In response to the COVID-19 pandemic, we formally established a COVID-19 team focused on developing and implementing a number of safety measures to help our employees manage their work and personal responsibilities, with a strong focus on employee well-being, health and safety. The COVID-19 team established an information campaign to provide employees an understanding of the virus risk factors and safety measures, as well as timely updates from governmental regulations.
7
Beyond employee safety, Devon also prioritizes the physical, mental and financial wellness of our employees. We offer competitive health and financial benefits with incentives designed to promote well-being, including an Employee Assistance Program (“EAP”) that provides virtual counseling services for employees and their family members free of charge. Access to experienced counselors, financial experts, staff attorneys, elder-care consultants and concierge services is included in EAP services available 365 days a year, 24 hours a day. Devon encourages employees to take advantage of our wellness programs and activities by getting an annual physical exam, attending preventive health screenings and completing a financial wellness series at no cost to employees.

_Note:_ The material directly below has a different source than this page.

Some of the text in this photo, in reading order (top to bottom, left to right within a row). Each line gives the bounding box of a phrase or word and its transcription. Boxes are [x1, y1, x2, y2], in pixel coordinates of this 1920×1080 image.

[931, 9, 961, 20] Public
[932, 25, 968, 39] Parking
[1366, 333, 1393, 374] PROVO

Employee Compensation, Benefits and Development
We strive to attract and retain high-performing individuals across our workforce. One way we do this is by providing competitive compensation and benefits, including annual bonuses; a 401(k) savings plan with a Devon contribution up to 14% of the employee’s earnings; stock awards for all employees; medical, dental and vision health care coverage; health savings and dependent-care flexible spending accounts; maternity and parental leave for the birth or adoption of a child; an adoption assistance program; alternate work schedules; flexible work hours; part-time work options; and telecommuting support; among other benefits.
Devon also looks to our core values to build the workforce we need. We develop our employees’ knowledge and creativity and advance continual learning and career development through ongoing performance, training and development conversations.

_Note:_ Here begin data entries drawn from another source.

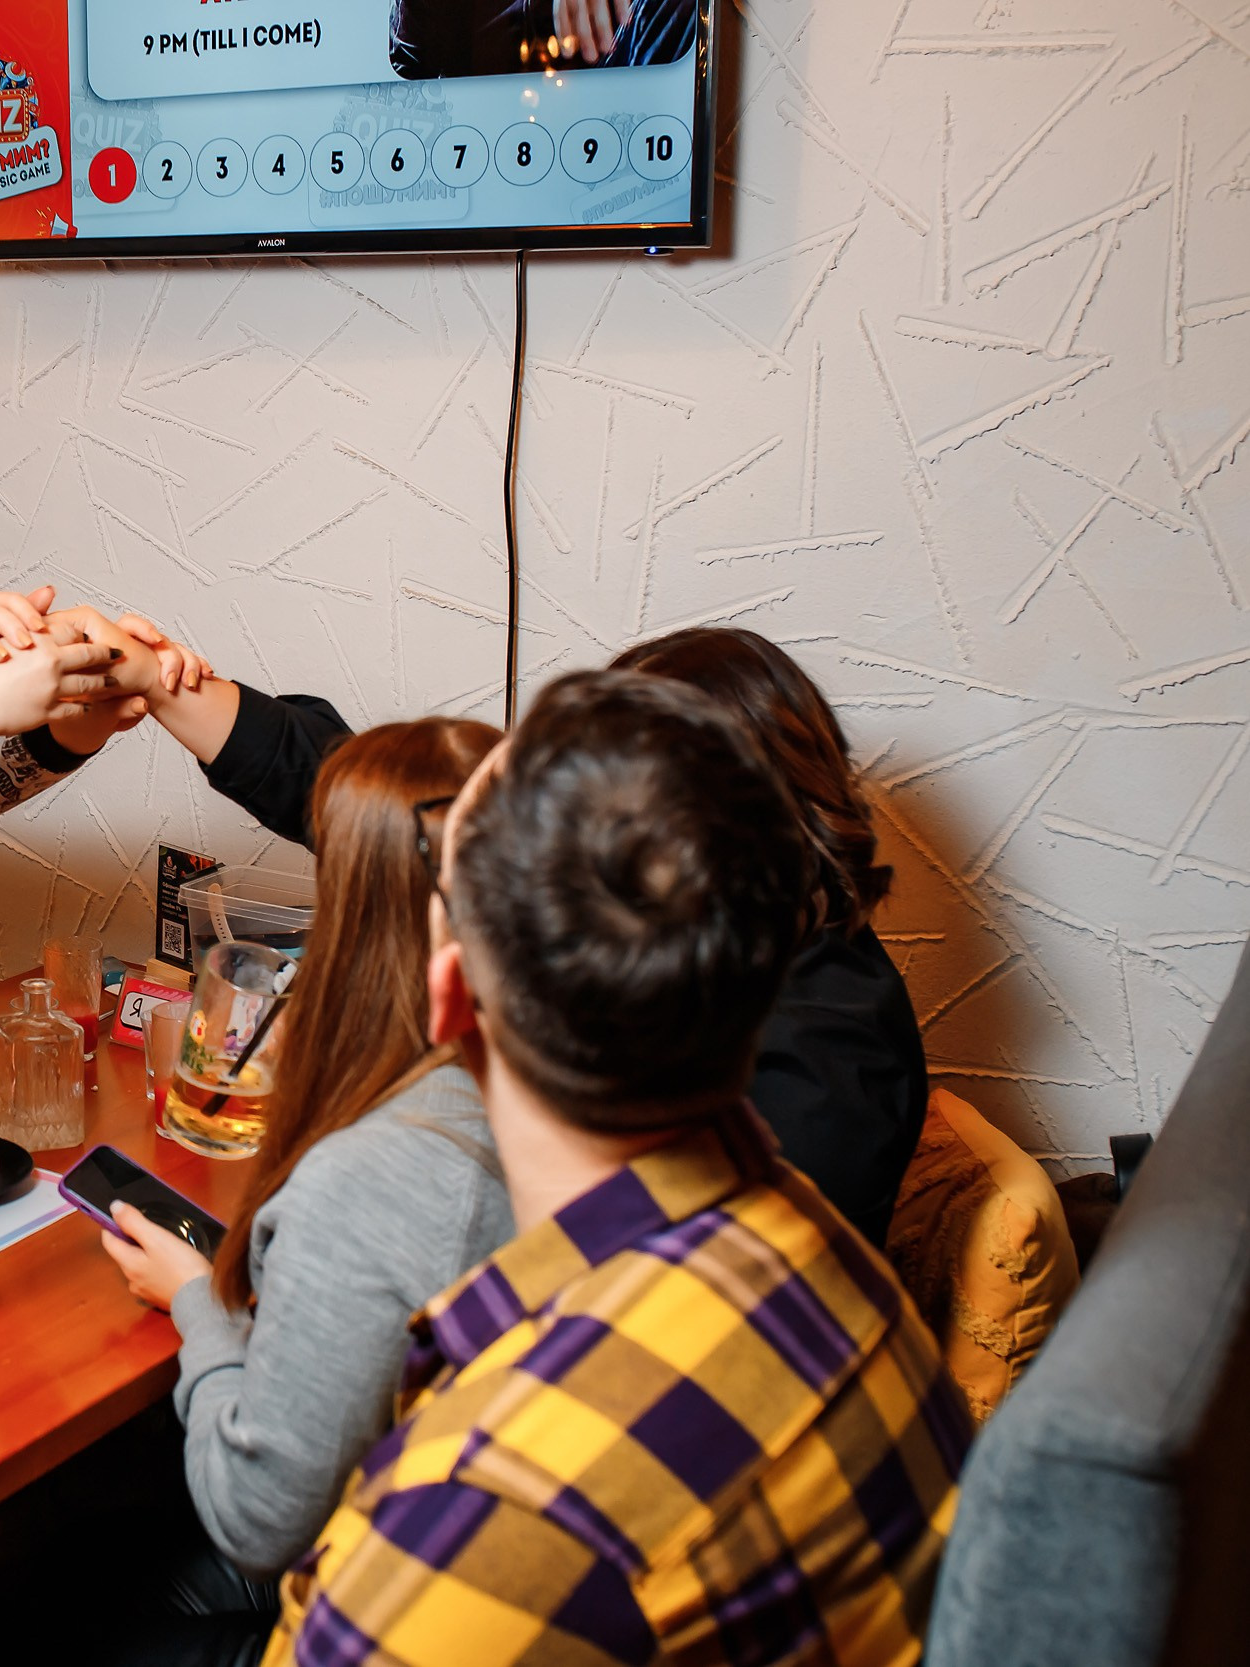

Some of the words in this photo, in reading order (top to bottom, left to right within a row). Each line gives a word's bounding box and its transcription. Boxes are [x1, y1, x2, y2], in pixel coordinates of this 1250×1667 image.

[142, 35, 154, 55] 9
[159, 32, 188, 54] PM
[192, 27, 238, 57] (TILL
[242, 26, 248, 47] I
[253, 19, 322, 48] COME)
[390, 147, 405, 172] 6
[453, 145, 468, 169] 7
[516, 142, 532, 167] 8
[583, 138, 599, 164] 9
[646, 135, 673, 162] 10
[20, 162, 51, 182] GAME
[161, 158, 173, 182] 2
[215, 156, 228, 179] 3
[271, 153, 286, 177] 4
[331, 150, 344, 175] 5
[108, 163, 116, 187] 1
[257, 238, 286, 248] AVALON
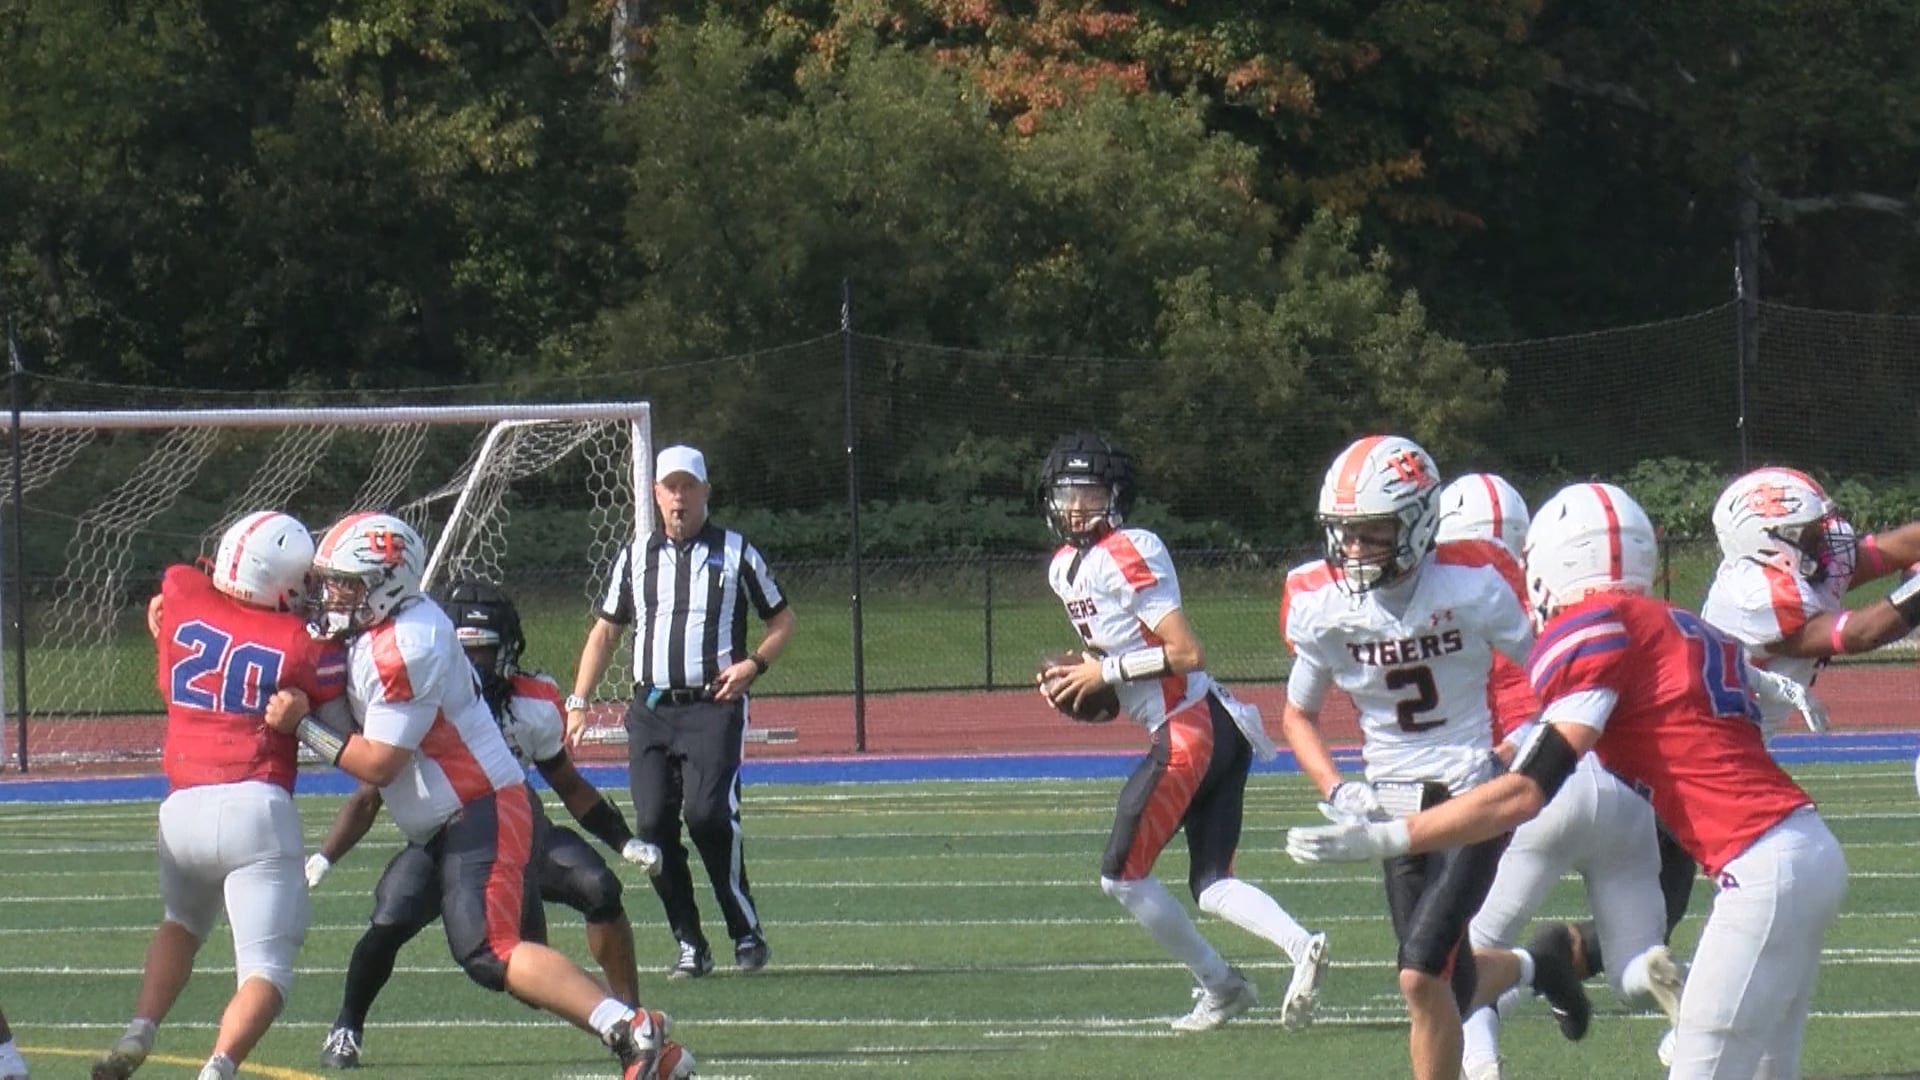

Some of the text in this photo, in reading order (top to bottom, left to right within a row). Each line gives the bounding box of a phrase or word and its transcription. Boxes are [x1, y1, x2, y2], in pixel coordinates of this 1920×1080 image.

[171, 619, 285, 714] 20
[1346, 629, 1464, 667] TIGERS
[1384, 664, 1449, 732] 2

Diversity, Equity and Inclusion
Devon’s success depends on employees who demonstrate integrity, accountability, perseverance and a passion for building our business and delivering results. Our efforts to create a workforce with these qualities start with offering equal opportunity in all aspects of employment. We do this with company policies and leadership commitment, and by providing employees opportunities to help shape Devon’s diversity, equity and inclusion direction and actions.

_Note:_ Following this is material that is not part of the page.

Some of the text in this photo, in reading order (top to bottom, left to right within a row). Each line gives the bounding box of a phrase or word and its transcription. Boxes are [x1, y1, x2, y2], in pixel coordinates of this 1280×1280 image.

We strive to demonstrate inclusion, equity and diversity throughout the Company to bring a range of thoughts, experiences and points of view to our problem-solving and decision-making. Along with senior leadership efforts, Devon’s Diversity, Equity and Inclusion (“DEI”) Team works to proactively increase diversity and inclusion awareness, identify challenges and find innovative ways to achieve Devon’s inclusion and diversity vision and priorities. In 2021, our workforce was comprised of 24% females and 22% minorities. Along with our workforce efforts, we invest in DEI through community partnerships. One way we are achieving this is by creating STEM centers in elementary schools in the areas in which we operate. Devon has helped open more than 100 STEM centers that orient children of all backgrounds to skills that will be essential for the future workforce. In 2021, Devon awarded nine Inclusion and Equity Grants, ranging from $5,000 to $25,000 to nine diverse community organizations throughout Oklahoma City. This program plans to expand in 2022 to reach additional organizations across more of the Company’s operational areas.
Compliance Culture
We reinforce the high expectations we have for ethical conduct by our employees through our Code of Business Conduct and Ethics (“Code”). The Code sets out basic principles for all employees to follow and incorporates specific guidance on critical areas such as our prohibition of harassment and discrimination, our protocols for avoiding conflicts of interest and our policies related to anti-corruption laws, privacy, cybersecurity and confidential information. On an annual basis, Devon employees, as well as our directors and officers, are required to acknowledge and agree to abide by our Code and complete a training course on the Code and its related policies. We encourage our employees to help enforce the Code and maintain reporting systems that are designed to minimize concerns that reports will result in retaliation.
8
Oil and Gas Properties
Property Profiles
Key summary data from each of our areas of operation as of and for the year ended December 31, 2021 are detailed in the map below.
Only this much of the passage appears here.